EXERCISE GOAL
The expected response is the complete listing below, restated exactly, with its pictures omitted.

SOURCE MATERIAL
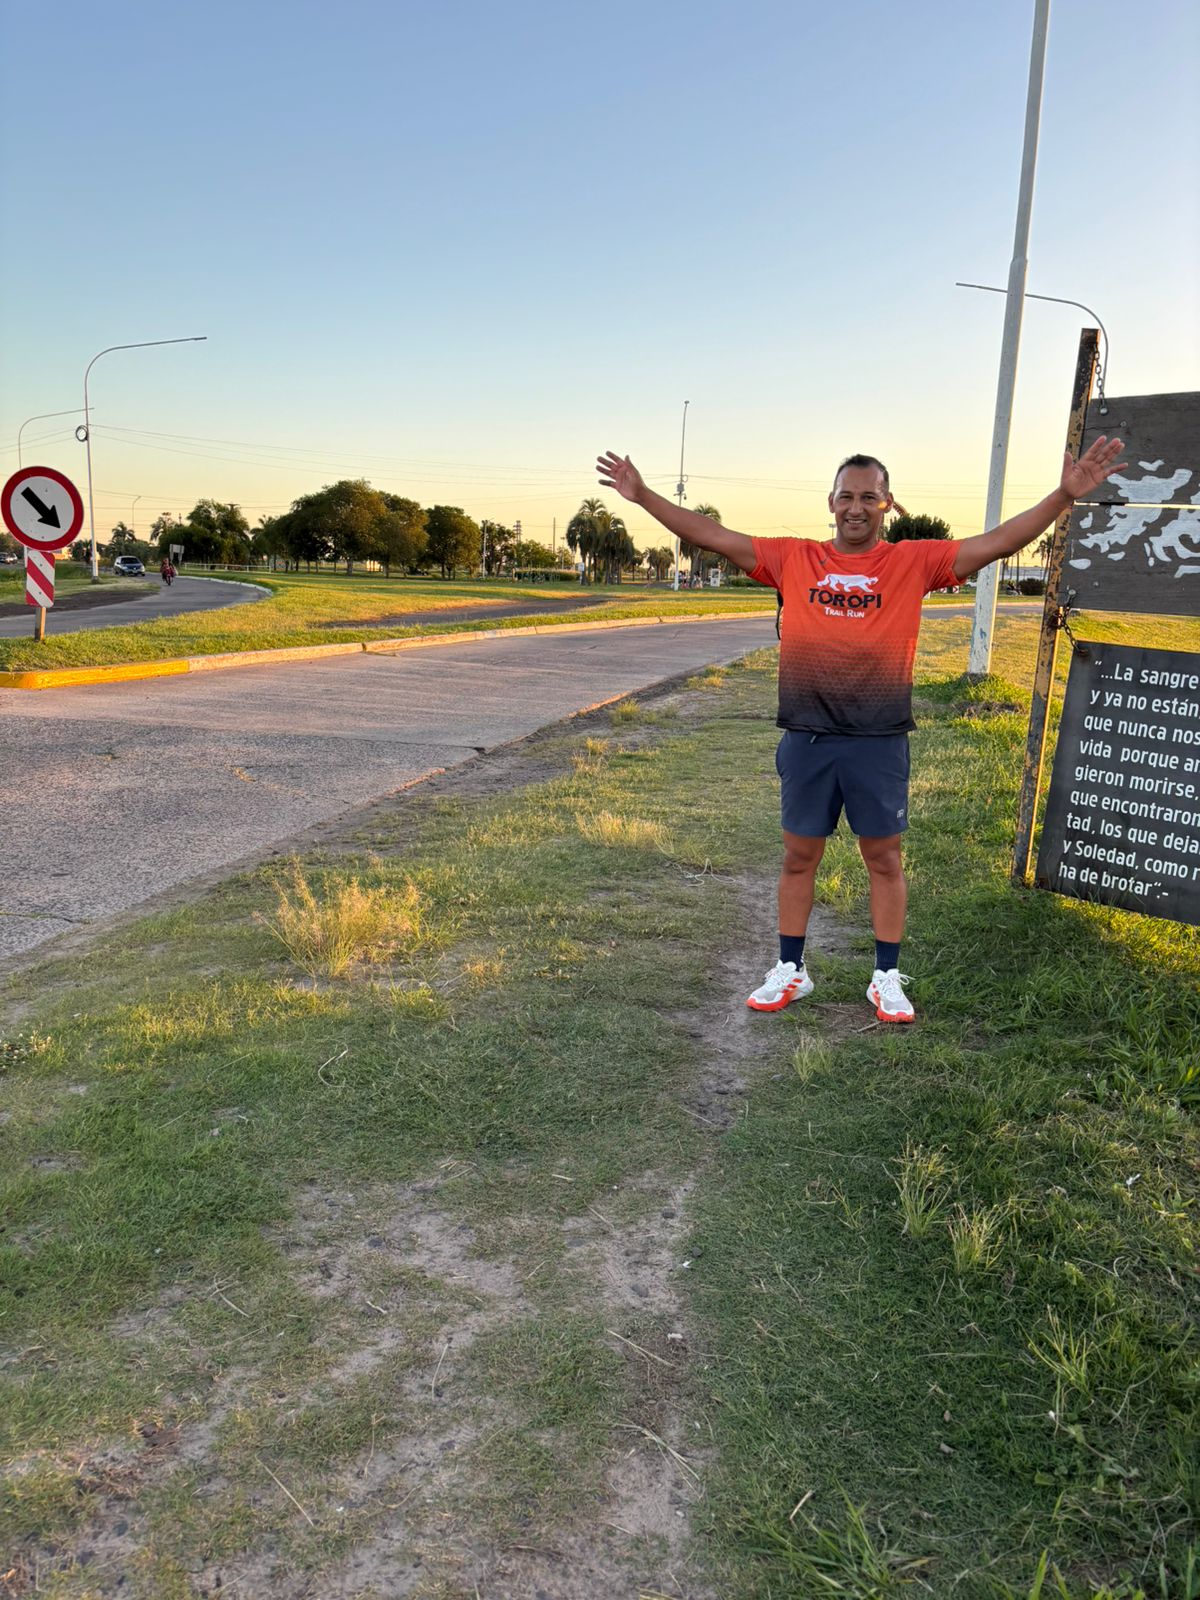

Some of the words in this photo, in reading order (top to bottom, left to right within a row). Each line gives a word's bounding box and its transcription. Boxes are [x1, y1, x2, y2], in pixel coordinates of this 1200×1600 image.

[808, 588, 882, 609] TOROPI
[1139, 669, 1199, 690] sangre
[1090, 689, 1101, 705] y
[1103, 691, 1123, 707] ya
[1126, 695, 1147, 710] no
[1084, 715, 1113, 732] que
[1117, 720, 1167, 741] nunca
[1172, 728, 1200, 746] nos
[1080, 739, 1112, 758] vida
[1120, 747, 1179, 770] porque
[1075, 764, 1124, 787] gieron
[1129, 774, 1199, 801] morirse,
[1070, 790, 1098, 808] que
[1101, 796, 1200, 828] encontraron
[1065, 812, 1096, 835] tad,
[1099, 819, 1122, 839] los
[1127, 827, 1158, 846] que
[1162, 832, 1200, 855] deja
[1058, 861, 1077, 880] ha
[1079, 867, 1099, 885] de
[1063, 839, 1072, 854] y
[1074, 840, 1139, 870] Soledad,
[1144, 858, 1188, 879] como
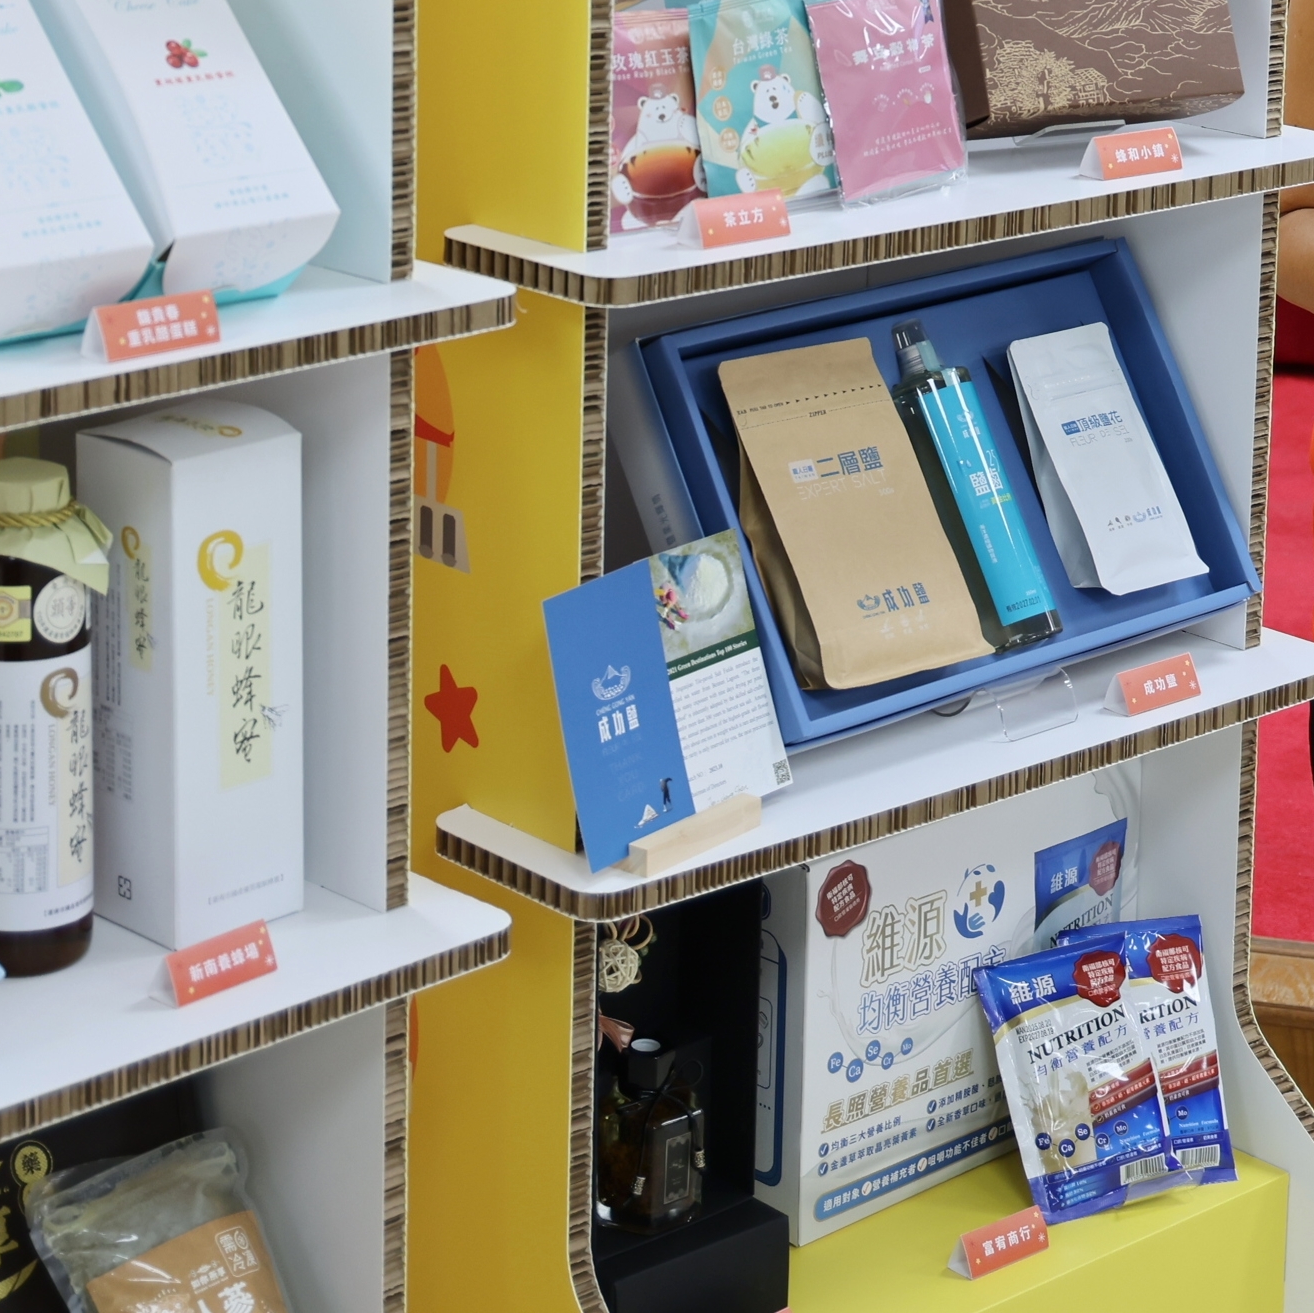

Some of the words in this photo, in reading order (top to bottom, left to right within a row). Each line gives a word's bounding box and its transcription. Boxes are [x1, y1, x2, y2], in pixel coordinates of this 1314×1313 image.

SOLUTION TO THIS EXERCISE
Some of the words in this photo, in reading order (top to bottom, left to right within a row). Each line gives a word's bounding box and its transcription. Boxes are [x1, y1, x2, y2], in pixel coordinates of this 1200×1600 image.

[808, 588, 882, 609] TOROPI
[1139, 669, 1199, 690] sangre
[1090, 689, 1101, 705] y
[1103, 691, 1123, 707] ya
[1126, 695, 1147, 710] no
[1084, 715, 1113, 732] que
[1117, 720, 1167, 741] nunca
[1172, 728, 1200, 746] nos
[1080, 739, 1112, 758] vida
[1120, 747, 1179, 770] porque
[1075, 764, 1124, 787] gieron
[1129, 774, 1199, 801] morirse,
[1070, 790, 1098, 808] que
[1101, 796, 1200, 828] encontraron
[1065, 812, 1096, 835] tad,
[1099, 819, 1122, 839] los
[1127, 827, 1158, 846] que
[1162, 832, 1200, 855] deja
[1058, 861, 1077, 880] ha
[1079, 867, 1099, 885] de
[1063, 839, 1072, 854] y
[1074, 840, 1139, 870] Soledad,
[1144, 858, 1188, 879] como

Some of the words in this photo, in reading order (top to bottom, left to right within a row). Each line gives a word's bounding box and its transcription. Boxes are [x1, y1, x2, y2], in pixel coordinates of this 1314×1313 image.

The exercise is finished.